If implemented correctly, digital finance can contribute to the objectives of financial inclusion and poverty reduction in developing countries. In general, digital financial services should have three key components: a digital transactional platform, retail agents, and a mobile phone for transacting. These three components will help improve the financial inclusion process and benefit poor people, while increasing access to financial services. Let’s explore the benefits and challenges of digital finance and its potential in developing countries.
Impact of new technologies on the financial services industry
Artificial intelligence (AI) applications are poised to revolutionize the financial services industry, changing the focus from scale to scale of data. This is a great opportunity for financial services companies, as AI will enable them to process huge amounts of data in a more efficient manner. AI solutions will also help financial institutions improve their services by leveraging data analytics, chatbots, and AI technologies. As a result, many financial institutions are using these tools to improve their products and services.
Challenges for CFOs
As the world turns increasingly digital, CFOs face a number of challenges. These challenges come from all corners of the job. Here are ten of the biggest challenges CFOs will face over the next few years. In 2021, 67% of CFOs plan to focus their attention on tax policy, as parts of the Tax Cuts and Jobs Act (TCJA) are set to expire. As a result, the corporate tax rate will likely increase. Meanwhile, state budgets will face challenges with regard to state-level taxation. Finally, global trade policies and taxes will have a significant impact on CFOs’ operations.

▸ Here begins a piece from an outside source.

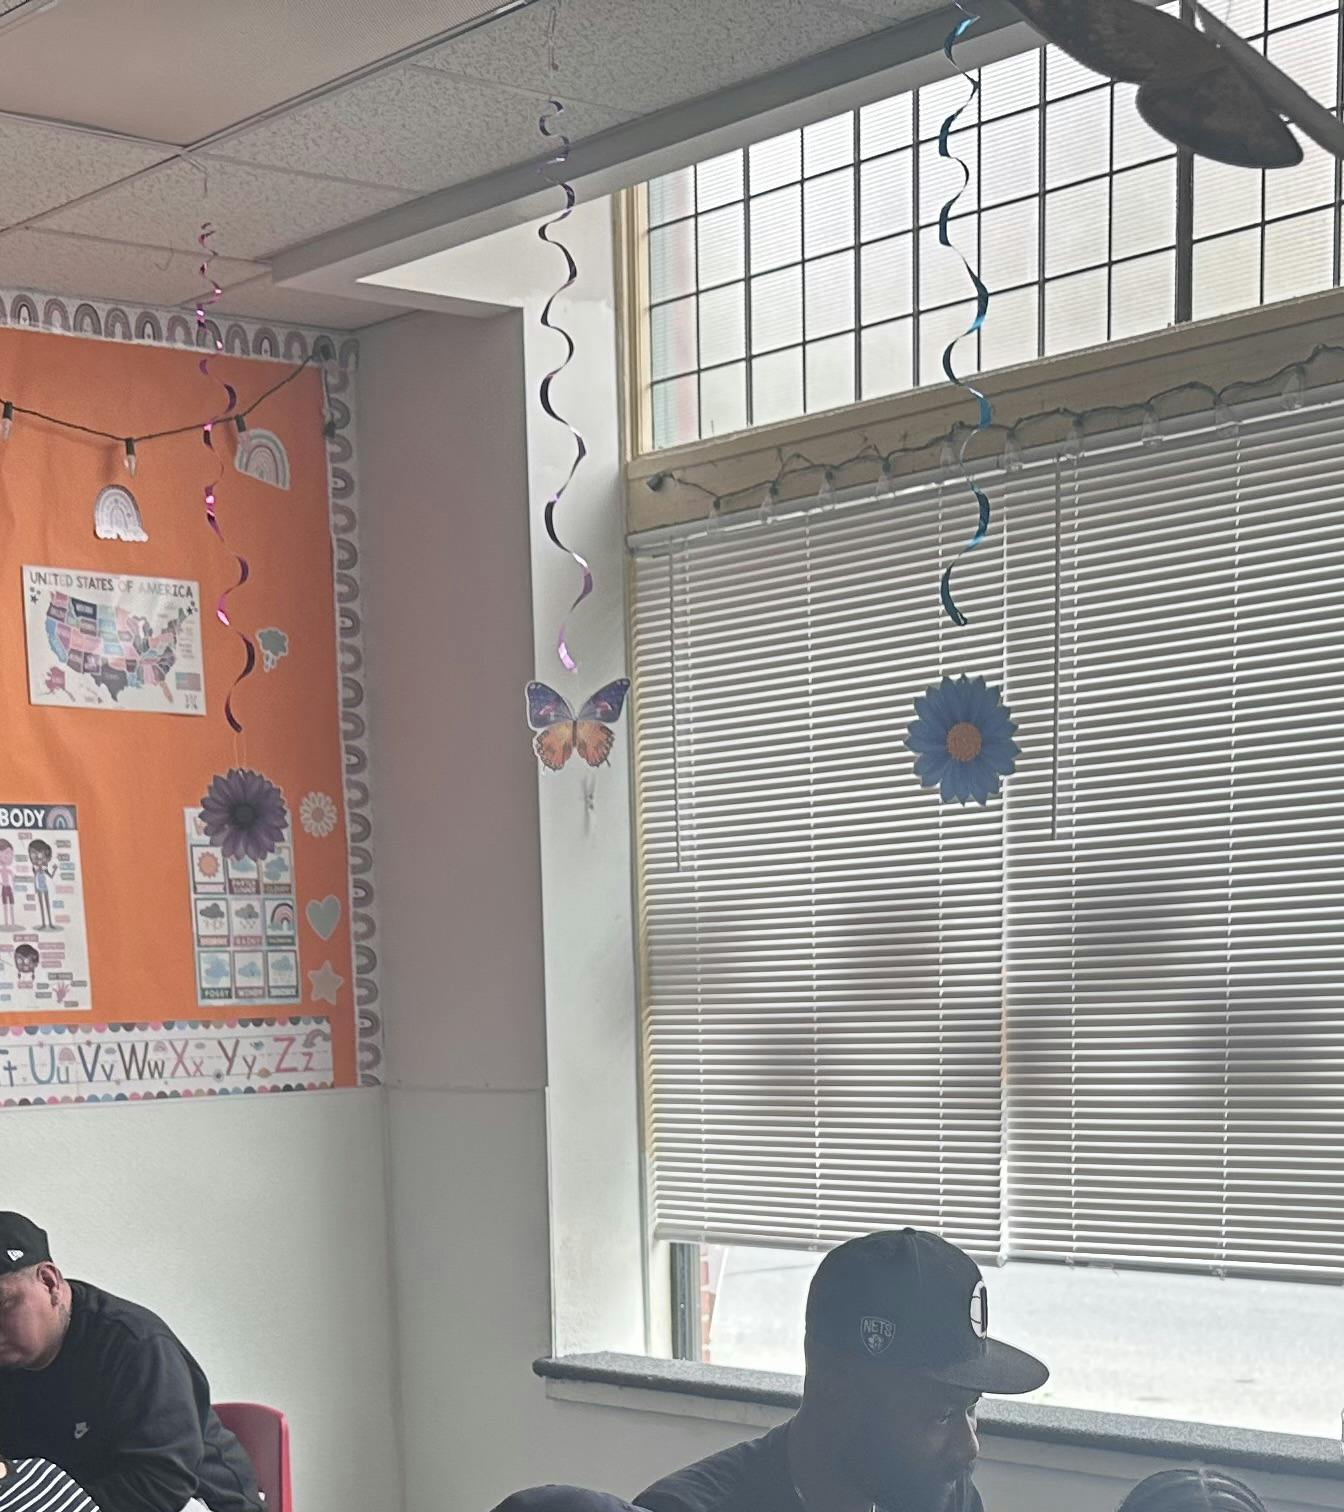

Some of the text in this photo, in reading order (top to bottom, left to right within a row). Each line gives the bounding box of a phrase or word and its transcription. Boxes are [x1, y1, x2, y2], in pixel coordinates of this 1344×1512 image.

[30, 571, 193, 598] UNITED STATES OF AMERICA
[864, 1319, 893, 1338] NETS

Benefits for poor individuals
One way to make financial services more accessible to rural communities and poor individuals is to expand digital financial services. In some areas, the poor cannot access traditional banks because of poor transportation infrastructure, and long queues can make it impractical to go in for a banking transaction. By making financial transactions more accessible online, banks can cut costs and improve their financial inclusion. In addition, using digital financial services can enable more people to access basic financial services, such as paying their bills and transferring money.
Also Read : The Institute of International Finance
Challenges for providers
Providers of digital finance need to make sure that they are meeting the needs of their consumers. However, the rapid pace of technological change is causing inefficient regulatory practices and a lack of consumer redress. To meet these challenges, providers should adopt innovative regulatory approaches that will help them create a fair marketplace for consumers. Consumer associations play an important role in the creation of such a marketplace. For example, organizations such as Consumers International have conducted research on financial services in low-income countries and have identified challenges and opportunities for a more equitable environment.

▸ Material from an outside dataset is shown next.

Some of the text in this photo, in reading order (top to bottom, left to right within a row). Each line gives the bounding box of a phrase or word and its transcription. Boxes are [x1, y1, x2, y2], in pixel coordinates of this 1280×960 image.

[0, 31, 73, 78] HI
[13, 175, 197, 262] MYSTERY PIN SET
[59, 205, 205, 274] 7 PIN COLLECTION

Supporting infrastructure needed to make DFS work efficiently
Digital finance is the delivery of financial services through the use of digital infrastructure. This includes the Internet, mobile, and point-of-sale devices. It facilitates smooth transactions between all parties, including consumers, businesses, and government agencies. For example, digital infrastructure helps financial institutions provide early warnings of climate and environmental risks, as well as dispose of social risks and other issues. Digital infrastructure is vital to the success of digital finance.